Un lien de causalité

Pour que l'auteur d'une faute puisse être condamné à réparation, il est nécessaire que la faute commise ait « contribué de façon directe à la production du dommage dont la réparation est demandée.

Choix du tribunal pour la responsabilité civile professionnelle médicale

S'il a été soigné en libéral (c'est-à-dire en cabinet ou en clinique), le malade peut rechercher la responsabilité civile du praticien devant les juridictions de l'ordre judiciaire (Tribunal de grande instance ou tribunal d'instance, Cour d'appel, Cour de cassation).

Par contre, s'il a été soigné à l'hôpital public ou dans un service public de santé, c'est (sauf faute détachable de la fonction) la responsabilité administrative de l'établissement qui pourra être recherchée, devant les juridictions de l'ordre administratif (Tribunal administratif, Cour administrative d'appel, Conseil d'État).

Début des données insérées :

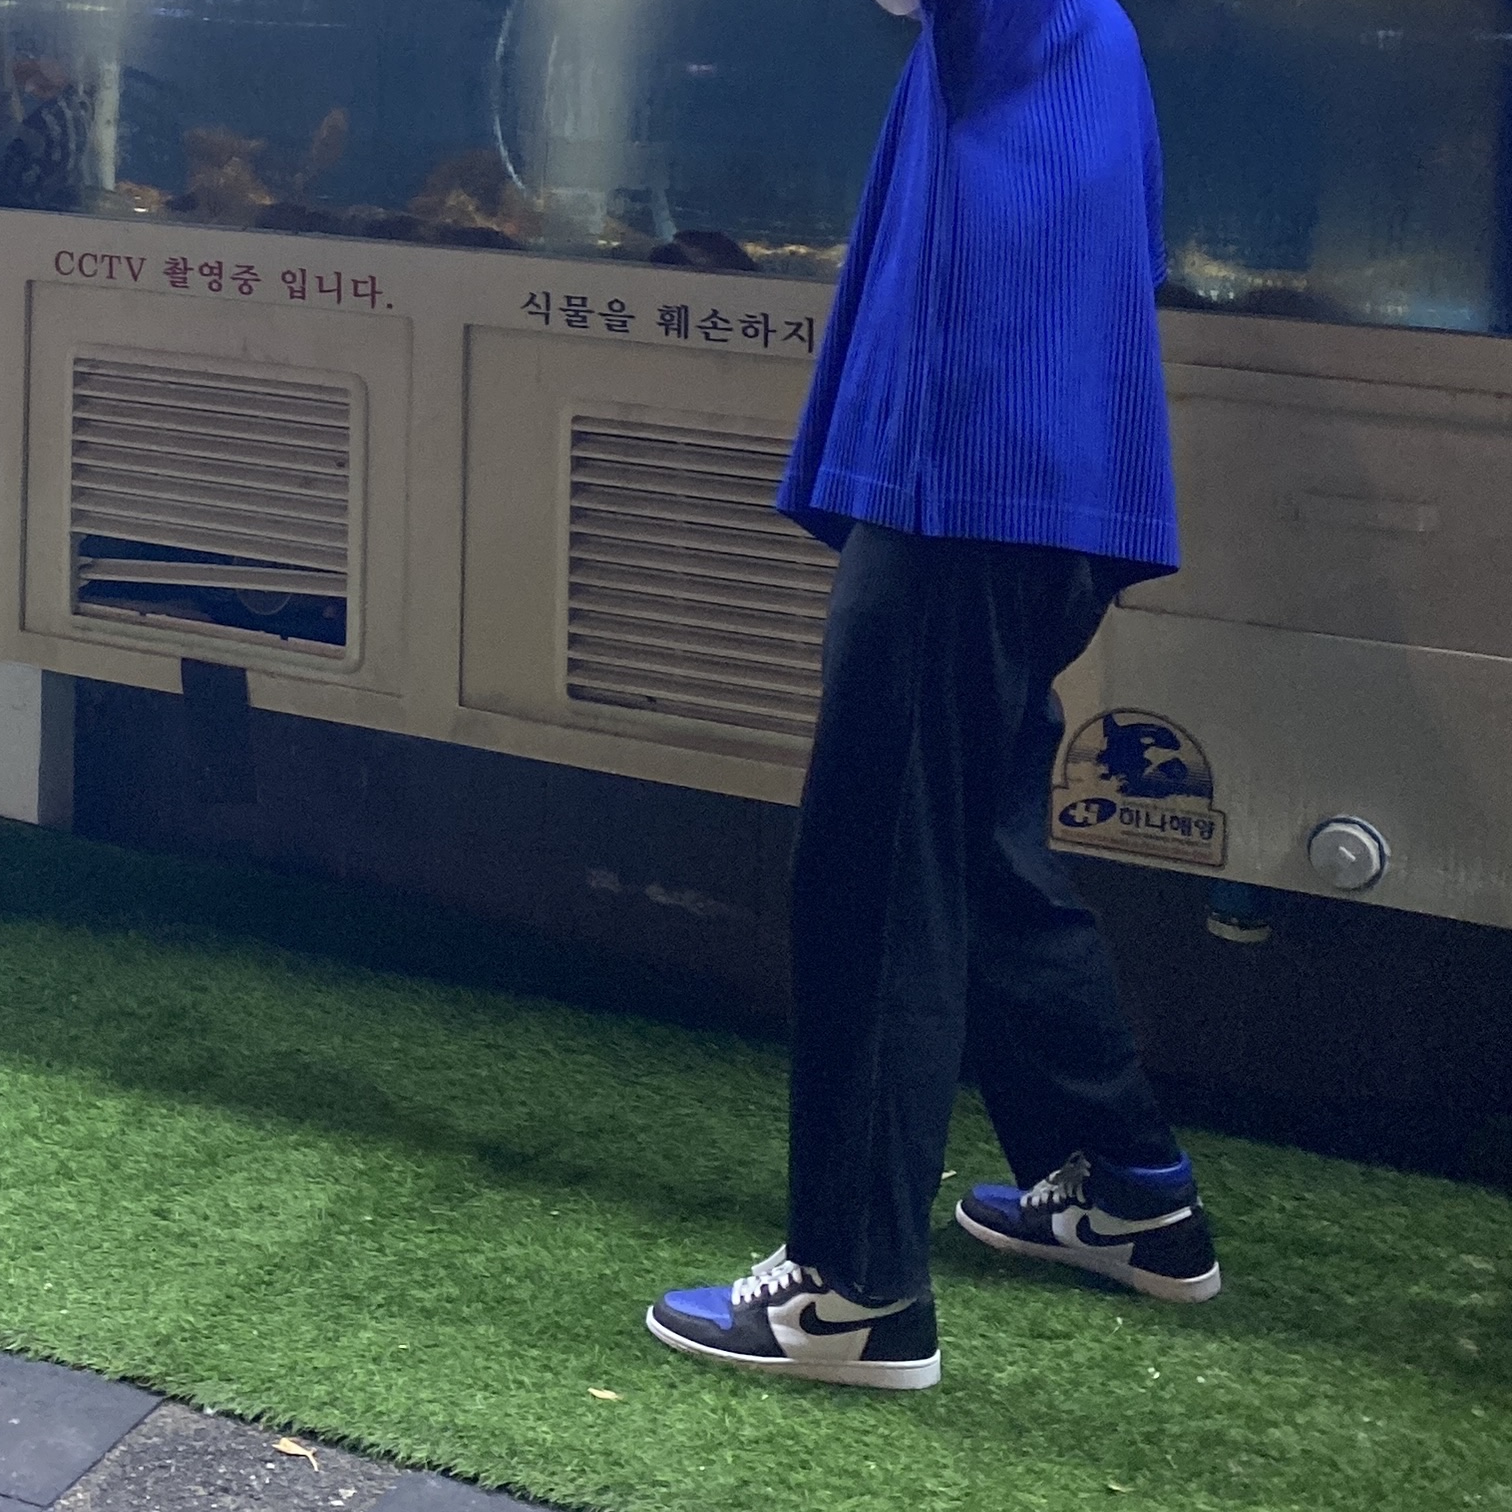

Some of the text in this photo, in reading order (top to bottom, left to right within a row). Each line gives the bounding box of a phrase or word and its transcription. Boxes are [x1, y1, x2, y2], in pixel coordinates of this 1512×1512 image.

[53, 250, 396, 312] CCTV 촬영중 입니다.
[520, 290, 816, 355] 식물을 훼손하지

3 niveaux d'action pour la responsabilité professionnelle médicale

Un praticien peut être amené à répondre de ses actes (ou de ses omissions) à un triple niveau, en fonction de l'objectif poursuivi par le patient ou sa famille :

  • à un niveau pécuniaire : il s'agit de la responsabilité civile ou administrative. L'objectif est d'obtenir une compensation financière à un préjudice subi ;
  • à un niveau pénal, lorsque la faute reprochée constitue une infraction. L'objectif est de voir l'auteur de l'infraction condamné à une peine d'amende et/ou de prison ;
  • à un niveau disciplinaire, le conseil de l'Ordre pouvant sanctionner un praticien pour une faute professionnelle.